[Material for this exercise]

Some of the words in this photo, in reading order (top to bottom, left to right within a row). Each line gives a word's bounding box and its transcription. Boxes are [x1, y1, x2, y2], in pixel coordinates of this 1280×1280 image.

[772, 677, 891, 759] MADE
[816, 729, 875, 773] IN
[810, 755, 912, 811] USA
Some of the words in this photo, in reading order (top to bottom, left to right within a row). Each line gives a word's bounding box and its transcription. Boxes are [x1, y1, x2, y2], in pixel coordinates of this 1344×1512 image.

[/Material for this exercise]
[Material for this exercise]

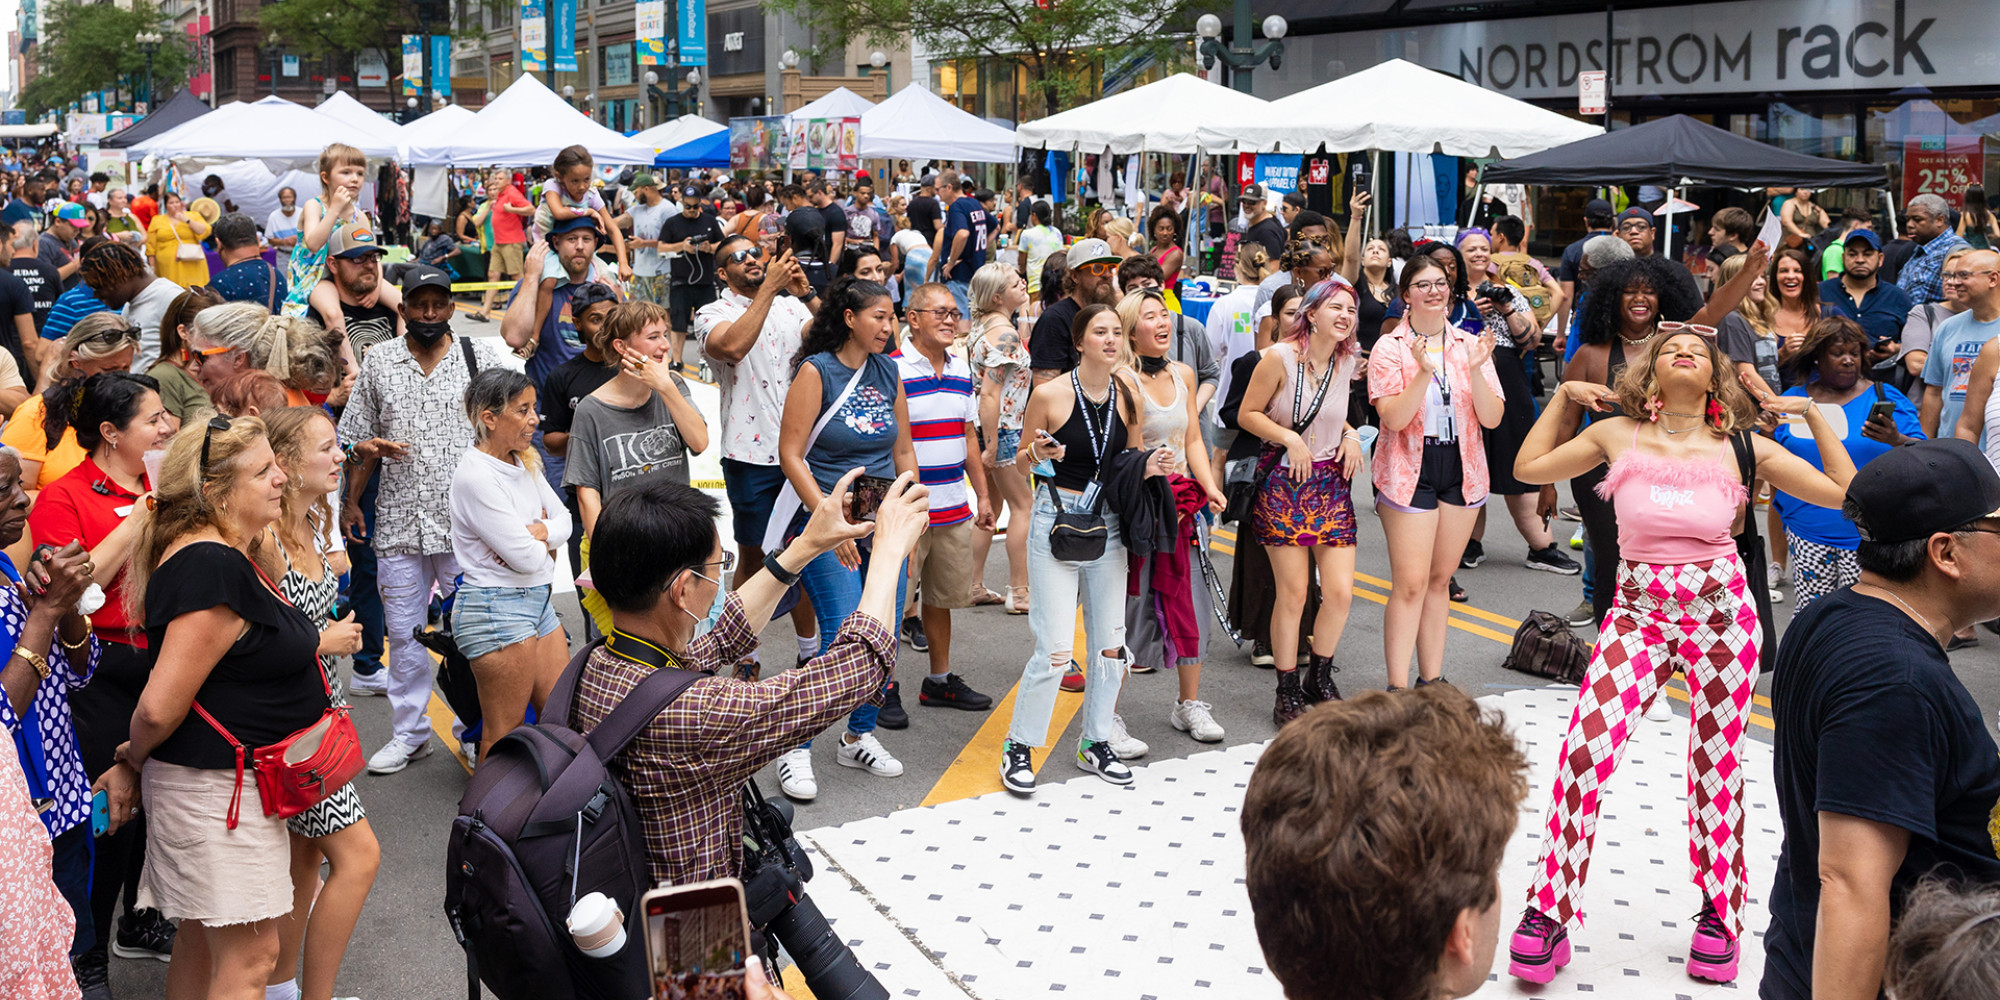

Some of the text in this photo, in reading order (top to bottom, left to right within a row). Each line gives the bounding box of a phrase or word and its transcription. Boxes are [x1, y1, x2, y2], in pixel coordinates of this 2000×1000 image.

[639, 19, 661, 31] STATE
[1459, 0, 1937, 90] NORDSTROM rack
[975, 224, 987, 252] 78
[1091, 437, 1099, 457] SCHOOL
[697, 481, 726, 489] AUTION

[/Material for this exercise]

→ **Problem**: Using the data above, extract exactly the lines from the one that holds "this 1280×1280 image." to the one that holds "this 1344×1512 image.", both ends included, and no others.

→ **Your solution**:
Some of the words in this photo, in reading order (top to bottom, left to right within a row). Each line gives a word's bounding box and its transcription. Boxes are [x1, y1, x2, y2], in pixel coordinates of this 1280×1280 image.

[772, 677, 891, 759] MADE
[816, 729, 875, 773] IN
[810, 755, 912, 811] USA
Some of the words in this photo, in reading order (top to bottom, left to right within a row). Each line gives a word's bounding box and its transcription. Boxes are [x1, y1, x2, y2], in pixel coordinates of this 1344×1512 image.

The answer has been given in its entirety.